Ferry graduated from high school in 1969 and joined the IBEW Local 573, Warren, Ohio, apprenticeship program, which he completed in 1972. He served 16 years as a journeyman and foreman before joining Valley, Girard, Ohio, as partner/vice president in 1988. At that time, the family-run company focused the bulk of its work in the automotive and manufacturing industry in the area between Youngstown and Cleveland.

In 1990, Ferry bought the company. At the time, it was earning about $4.5 million annually with a dwindling customer base as Ohio’s manufacturing work moved out of the country. Accepting the challenge, he took charge and brought in many of his own relatives, continuing a family tradition at the company.

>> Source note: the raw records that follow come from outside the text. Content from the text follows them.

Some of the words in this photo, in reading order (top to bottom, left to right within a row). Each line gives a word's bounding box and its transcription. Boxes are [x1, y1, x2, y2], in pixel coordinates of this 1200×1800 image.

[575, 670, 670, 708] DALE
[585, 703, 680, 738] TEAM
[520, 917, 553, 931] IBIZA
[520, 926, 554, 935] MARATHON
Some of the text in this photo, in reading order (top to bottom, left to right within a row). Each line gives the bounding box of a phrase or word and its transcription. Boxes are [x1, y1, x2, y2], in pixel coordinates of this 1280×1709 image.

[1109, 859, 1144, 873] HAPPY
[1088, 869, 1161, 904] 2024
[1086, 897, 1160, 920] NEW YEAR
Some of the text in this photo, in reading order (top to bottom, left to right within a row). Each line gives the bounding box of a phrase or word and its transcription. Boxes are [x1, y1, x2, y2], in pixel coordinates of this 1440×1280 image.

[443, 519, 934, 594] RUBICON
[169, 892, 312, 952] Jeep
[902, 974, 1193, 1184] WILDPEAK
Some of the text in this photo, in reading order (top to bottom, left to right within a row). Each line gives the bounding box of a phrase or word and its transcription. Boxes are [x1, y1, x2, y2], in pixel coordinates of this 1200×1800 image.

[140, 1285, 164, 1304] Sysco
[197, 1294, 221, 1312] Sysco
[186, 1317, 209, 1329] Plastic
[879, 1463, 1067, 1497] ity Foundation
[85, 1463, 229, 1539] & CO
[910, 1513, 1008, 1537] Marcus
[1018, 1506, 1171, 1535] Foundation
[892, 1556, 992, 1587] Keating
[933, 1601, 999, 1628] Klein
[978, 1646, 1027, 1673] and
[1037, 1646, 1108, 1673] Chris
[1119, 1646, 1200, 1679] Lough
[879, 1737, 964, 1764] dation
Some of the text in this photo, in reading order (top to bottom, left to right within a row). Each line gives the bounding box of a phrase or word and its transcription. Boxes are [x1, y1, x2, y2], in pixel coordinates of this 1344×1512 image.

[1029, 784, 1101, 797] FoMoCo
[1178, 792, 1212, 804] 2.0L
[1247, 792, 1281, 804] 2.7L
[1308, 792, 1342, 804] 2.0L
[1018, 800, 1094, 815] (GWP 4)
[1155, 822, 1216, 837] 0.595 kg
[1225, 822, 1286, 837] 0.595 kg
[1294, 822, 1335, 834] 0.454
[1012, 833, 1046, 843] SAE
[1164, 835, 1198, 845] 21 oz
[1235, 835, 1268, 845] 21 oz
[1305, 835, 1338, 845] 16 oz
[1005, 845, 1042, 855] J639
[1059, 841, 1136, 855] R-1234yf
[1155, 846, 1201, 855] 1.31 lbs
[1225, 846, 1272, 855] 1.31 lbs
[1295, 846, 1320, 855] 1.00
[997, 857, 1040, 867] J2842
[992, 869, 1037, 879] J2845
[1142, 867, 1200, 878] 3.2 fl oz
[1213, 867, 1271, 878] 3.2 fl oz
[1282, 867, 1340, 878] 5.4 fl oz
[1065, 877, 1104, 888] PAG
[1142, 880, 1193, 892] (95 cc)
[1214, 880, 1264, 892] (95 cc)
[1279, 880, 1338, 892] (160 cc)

“This is a family business,” Ferry said.

His wife of 36 years—his high school sweetheart, Mary—is corporate secretary and board member. Ferry has two daughters; Tricia Ferry is head of human resources at Valley, and Rachel Barber serves as accounts receivable manager. His son-in-law Jeff Barber is vice president of the systems integration and technology division.

Since buying the business, Ferry has turned it into a major national player. Today, Valley has 42 office staff members, including engineers, and approximately 130 electricians, which increases to 330 electricians during peak times.

Ferry made several strategic changes that brought on the company’s growth. Valley built a low-voltage division, VEC Systems Integrator, in 2001. In 2003, Valley acquired Evets Electric, Girard, Ohio. Together, these helped bring the company’s revenues from $15–18 million in 2001 to $50 million last year.

Evets Electric is a specialty electrical contractor that works primarily in the natural gas and oil industry. The company undertakes hazardous-location projects, such as gas compressor stations, petroleum plants, refineries, airport fueling stations and fuel storage yards with customers such as Duke Energy and Columbia Gas.

Together, Evets and Valley have focused on gas and oil compressor stations and metering stations as well as refueling stations for military bases, such as Buckley Air Force Base in Colorado and the Marine Corps Air Station, Cherry Point, N.C.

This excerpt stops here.